Dass Hartz IV und vor allem die viel diskutierten Sanktionen ein Klima der Angst verbreiten, ist inzwischen wissenschaftlich belegt (wir berichteten). Betroffene wissen das schon lange und auch den Jobcenter-Mitarbeitern ist es durchaus bewusst. Offen darüber zu sprechen, wagen die wenigsten. Eine Ausnahme ist Susanne Ahlers, die Leiterin des Bremer Jobcenters. Sie sagt in einem Interview mit dem „Weser Kurier“ über die Hartz IV Sanktionen: „Der Schaden ist größer als der Nutzen.“

Strafen verhindern Vertrauen

Die Aussagen von Frau Ahlers basieren auf ihren Erfahrungen – auch als Coach. Die Jobcenter-Leiterin würde sich freuen, wenn man die Sanktionen ad acta legt, um den Kontakt zwischen Mitarbeitern und Kunden zu erleichtern. Es könne schließlich kein Vertrauen entstehen, wenn ständig die Sorge vor Kürzungen im Raum stehe. Kurzum: „Dass die Betroffenen sich bereitwillig auf die Jobsuche einlassen und so eine Arbeitsstelle finden, bewirken Sanktionen meiner Meinung nicht.“

Der Grund dafür liegt auf der Hand.

„Unser Ziel, Menschen zu unterstützen oder sie in Arbeit zu bringen, wird nicht schneller umgesetzt, wenn die Betroffenen verängstigt oder wütend sind“,

so Susanne Ahlers. Sie bezeichnet die Sanktionen als Belastung, die schlimmstenfalls dafür sorgen, dass jüngere Hartz IV Empfänger „raus“ sind und abrutschen. Die Strafen würden ohnehin meist jene treffen, die schwächer sind und/oder psychische Probleme haben.

Keine schnellen Lösungen

Ein weiteres Argument gegen Sanktionen ist aus Sicht der Jobcenter-Leiterin, dass Menschen durch den Strafenkatalog nicht schneller in Arbeit kommen. „Es gibt Gründe, warum Menschen Langzeitleistungsbeziehende sind, da gibt es nun mal keine schnellen Lösungen“, erklärt Susanne Ahlers. Zudem wollen viele keine Fortbildung, sondern schlichtweg arbeiten. Denn: Hartz IV Empfänger seien keine Drückeberger.

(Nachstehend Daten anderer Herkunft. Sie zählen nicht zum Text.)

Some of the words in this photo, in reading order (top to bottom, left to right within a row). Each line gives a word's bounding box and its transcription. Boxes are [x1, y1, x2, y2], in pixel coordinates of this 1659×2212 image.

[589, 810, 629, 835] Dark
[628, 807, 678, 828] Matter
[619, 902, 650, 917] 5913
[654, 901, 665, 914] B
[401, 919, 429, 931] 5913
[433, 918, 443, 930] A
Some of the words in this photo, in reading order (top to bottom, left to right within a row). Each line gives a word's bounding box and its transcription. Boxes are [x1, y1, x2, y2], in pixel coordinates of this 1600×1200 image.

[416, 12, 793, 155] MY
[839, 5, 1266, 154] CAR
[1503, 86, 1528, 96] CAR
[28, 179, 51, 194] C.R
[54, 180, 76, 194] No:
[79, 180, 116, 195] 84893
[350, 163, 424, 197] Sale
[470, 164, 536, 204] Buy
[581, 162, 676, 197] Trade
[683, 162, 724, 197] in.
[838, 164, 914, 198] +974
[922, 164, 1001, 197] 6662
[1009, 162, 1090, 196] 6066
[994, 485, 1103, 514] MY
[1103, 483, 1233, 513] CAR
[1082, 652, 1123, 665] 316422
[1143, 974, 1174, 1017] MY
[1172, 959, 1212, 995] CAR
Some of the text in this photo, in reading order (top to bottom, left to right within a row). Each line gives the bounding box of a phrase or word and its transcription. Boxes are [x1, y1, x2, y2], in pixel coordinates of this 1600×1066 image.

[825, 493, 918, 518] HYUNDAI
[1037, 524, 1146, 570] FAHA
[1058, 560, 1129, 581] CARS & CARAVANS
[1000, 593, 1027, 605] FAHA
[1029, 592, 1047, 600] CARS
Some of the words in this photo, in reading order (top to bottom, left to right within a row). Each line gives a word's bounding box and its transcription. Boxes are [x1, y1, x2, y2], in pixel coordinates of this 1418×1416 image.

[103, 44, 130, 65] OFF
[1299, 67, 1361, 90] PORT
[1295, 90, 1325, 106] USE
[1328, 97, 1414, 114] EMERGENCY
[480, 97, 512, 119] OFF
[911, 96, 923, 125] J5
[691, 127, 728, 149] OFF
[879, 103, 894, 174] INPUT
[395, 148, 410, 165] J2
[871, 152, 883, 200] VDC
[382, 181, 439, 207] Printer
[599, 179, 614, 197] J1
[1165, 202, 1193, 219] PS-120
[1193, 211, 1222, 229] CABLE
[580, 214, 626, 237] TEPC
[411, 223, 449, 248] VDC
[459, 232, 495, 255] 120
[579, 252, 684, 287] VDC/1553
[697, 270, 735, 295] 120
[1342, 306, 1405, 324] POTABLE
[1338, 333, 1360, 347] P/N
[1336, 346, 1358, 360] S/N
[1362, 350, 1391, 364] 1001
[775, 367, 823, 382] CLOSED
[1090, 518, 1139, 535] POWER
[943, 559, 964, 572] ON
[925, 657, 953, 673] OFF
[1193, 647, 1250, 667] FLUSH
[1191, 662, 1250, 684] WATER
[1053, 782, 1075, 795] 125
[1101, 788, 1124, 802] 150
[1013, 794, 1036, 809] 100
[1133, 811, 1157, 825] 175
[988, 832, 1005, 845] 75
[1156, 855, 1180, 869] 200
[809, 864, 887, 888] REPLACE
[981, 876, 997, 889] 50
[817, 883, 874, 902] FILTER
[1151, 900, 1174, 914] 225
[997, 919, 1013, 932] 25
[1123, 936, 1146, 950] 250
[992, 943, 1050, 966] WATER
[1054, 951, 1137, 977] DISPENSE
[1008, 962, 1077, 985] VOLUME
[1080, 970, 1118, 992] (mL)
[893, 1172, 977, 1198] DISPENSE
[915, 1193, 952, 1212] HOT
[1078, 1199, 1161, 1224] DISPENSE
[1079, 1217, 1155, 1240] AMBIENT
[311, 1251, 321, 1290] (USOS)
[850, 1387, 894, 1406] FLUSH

Abgesehen von den Sanktionen sieht die Leiterin des Jobcenters noch weitere Baustellen. Allein in Bremen würden 350 Mitarbeiterinnen und Mitarbeiter nichts anderes erledigen, als Leistungen zu prüfen. Statt individuelle Einzelleistungen zu zahlen, müsse die Pauschale angehoben werden – auch um die Jobcenter zu entlasten, damit mehr Zeit für die Beratung bleibt.